Ritorno al passato per Bucaro che ripropone un 4-3-3, con l’esordio di Alfageme schierato come ala sinistra. Panchina per Matute, sostituito da Buono. Dionisi agisce invece in qualità di terzino destro della difesa a quattro. Per il resto, soliti uomini di fiducia dell’ex difensore, alla sua seconda avventura in biancoverde.

PRIMO TEMPO

2′ – Soccorsi per Morero, caduto a terra infortunato per un problema sembra forse di un’importante entità. Bandiera bianca per lui, sostituito da Capitanio.
7′ – Occasione colossale per l’Avellino: sponda di De Vena per Tribuzzi che può andare a tu per tu con La Gorga; quest’ultimo abbassa la saracinesca e nulla da fare per i Lupi.
11′ – Palo del Lanusei: Dondoni perde palla sul pressing di Bernardotto, ma il numero 9 calcia sul palo.
12′ – Altro palo del Lanusei, sempre ad opera di Bernardotto, abilissimo nel dribbling.

Al quarto d’ora, il Lanusei non solo fa la partita, ma la fa anche come dovrebbe l’Avellino: pressing alto ed intenso che frutta tante buone occasioni, vedasi i due pali colpiti da Bernardotto. Avellino senza collante tra centrocampo e attacco, con Alfageme costretto spesso a difendere e coprire.

25′ – Viscovo miracoloso a distanza ravvicinata sulla conclusione ancora una volta di Bernardotto, una vera spina nel fianco dei due centrali irpini. Troppa sofferenza nelle retrovie, dovuta anche all’enorme pressione portata da almeno sei uomini del Lanusei.
31′ – VANTAGGIO AVELLINO – Destro dalla distanza di Di Paolantonio che trova un tocco di mano di Congiu in area: rigore e De Vena stavolta non sbaglia. Avellino avanti immeritatamente e solo grazie ad un episodio, ma pur sempre in vantaggio.

40′ – Bella trama di gioco dei padroni di casa che porta Nannini alla conclusione: fuori.

Un minuto di recupero nel quale c’è solo spazio per una scenata di Ladu, sfiorato al volto. Primo tempo che si conclude con l’Avellino in vantaggio e con il Lanusei che ha accusato il colpo, visto che la squadra di mister Gardini ha ridotto la propria mole di gioco dopo lo svantaggio. Di negativo c’è la prestazione di qualche singolo, vedi Da Dalt, troppo sacrificato come mezzala e Tribuzzi, imbavagliato da Carta. Pessimo anche il filtro apportato dall’intero reparto di centrocampo.

SECONDO TEMPO

7′ – Primo cambio per i Lupi: fuori Alfageme, buona partita per lui, dentro Gerbaudo.
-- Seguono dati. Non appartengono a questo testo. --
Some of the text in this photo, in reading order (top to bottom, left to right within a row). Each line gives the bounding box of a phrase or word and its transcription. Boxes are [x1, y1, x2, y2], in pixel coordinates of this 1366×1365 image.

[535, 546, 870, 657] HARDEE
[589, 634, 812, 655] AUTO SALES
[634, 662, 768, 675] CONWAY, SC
Di conseguenza, Gerbaudo a metà campo e Da Dalt che si alza nel terzetto offensivo. Bucaro se la gioca ancora a specchio con i sardi.
12′ – Occasionissima Lanusei, con una palla che resta minacciosa in area piccola e che Congiu per poco non trasforma.
15′ – Floris sul secondo palo viene pescato in fuorigioco, ma anche stavolta Viscovo aveva risposto presente, a mantenere salvo il suo clean sheet.

20′ – Si rivede in avanti l’Avellino che prova ad agire di rimessa: destro strozzato di Di Paolantonio che termina out. Altro cambio per i Lupi: fuori Buono, dentro Carbonelli.
25′ – Per ricordare Garella, Viscovo si oppone di piede, ancora una volta, a Bernardotto, quest’oggi quasi incontenibile.
Dentro anche Matute per Di Paolantonio: più muscoli per la metà campo di Bucaro.
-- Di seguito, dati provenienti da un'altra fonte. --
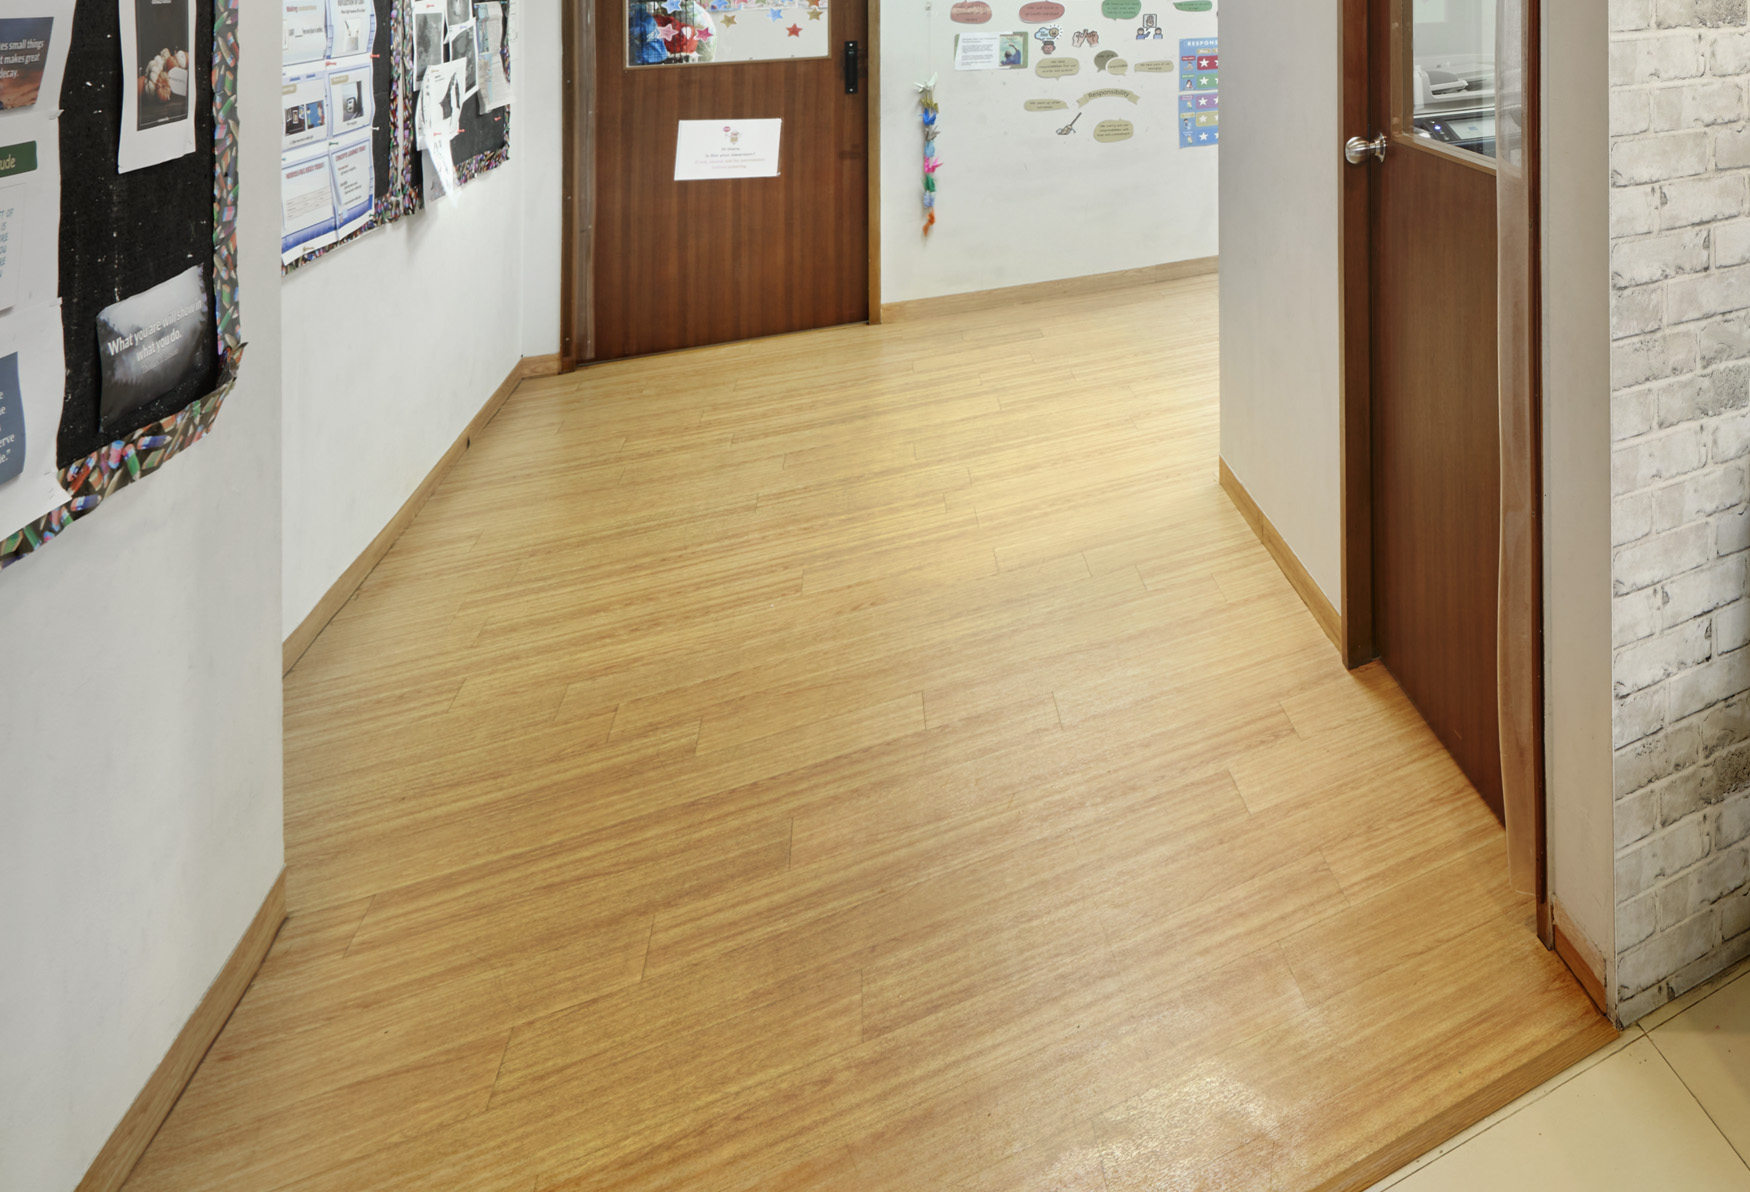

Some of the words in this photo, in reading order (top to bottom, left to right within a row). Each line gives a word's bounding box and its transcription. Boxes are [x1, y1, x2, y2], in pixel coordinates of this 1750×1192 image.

[9, 39, 26, 50] small
[27, 38, 44, 51] things
[4, 53, 24, 64] makes
[25, 52, 40, 64] great
[1088, 89, 1130, 99] Responsibility
[107, 332, 133, 356] What
[134, 328, 149, 346] you
[149, 321, 161, 335] are
[162, 311, 176, 328] will
[176, 303, 195, 321] show
[136, 340, 155, 362] what
[155, 336, 169, 352] you
34′ – Chiummarulo ha una buona occasione da dentro l’area, ma la sua girata termina alta sulla trasversale della porta biancoverde.
37′ – Manovra e scambi corti dell’Avellino sulla sinistra portano alla conclusione dalla distanza di Carbonelli, che calcia fuori.
41′ – RADDOPPIO AVELLINO – Regalo di La Gorga che si inceppa, favorendo Tribuzzi che scarta il regalo con la gioia di un bambino a Natale e piazza la sfera in fondo al sacco.

46′ – RIGORE PARATO DA VISCOVO – Ingenuità di Parisi che commette un grosso fallo di mano in area. Floris si presenta sul dischetto ma Viscovo, tra i cori “buffoni” dovuti a qualche scaramuccia, intuisce e para un rigore calciato anche bene dall’attaccante di casa. Partita strepitosa dell’estremo difensore dei Lupi.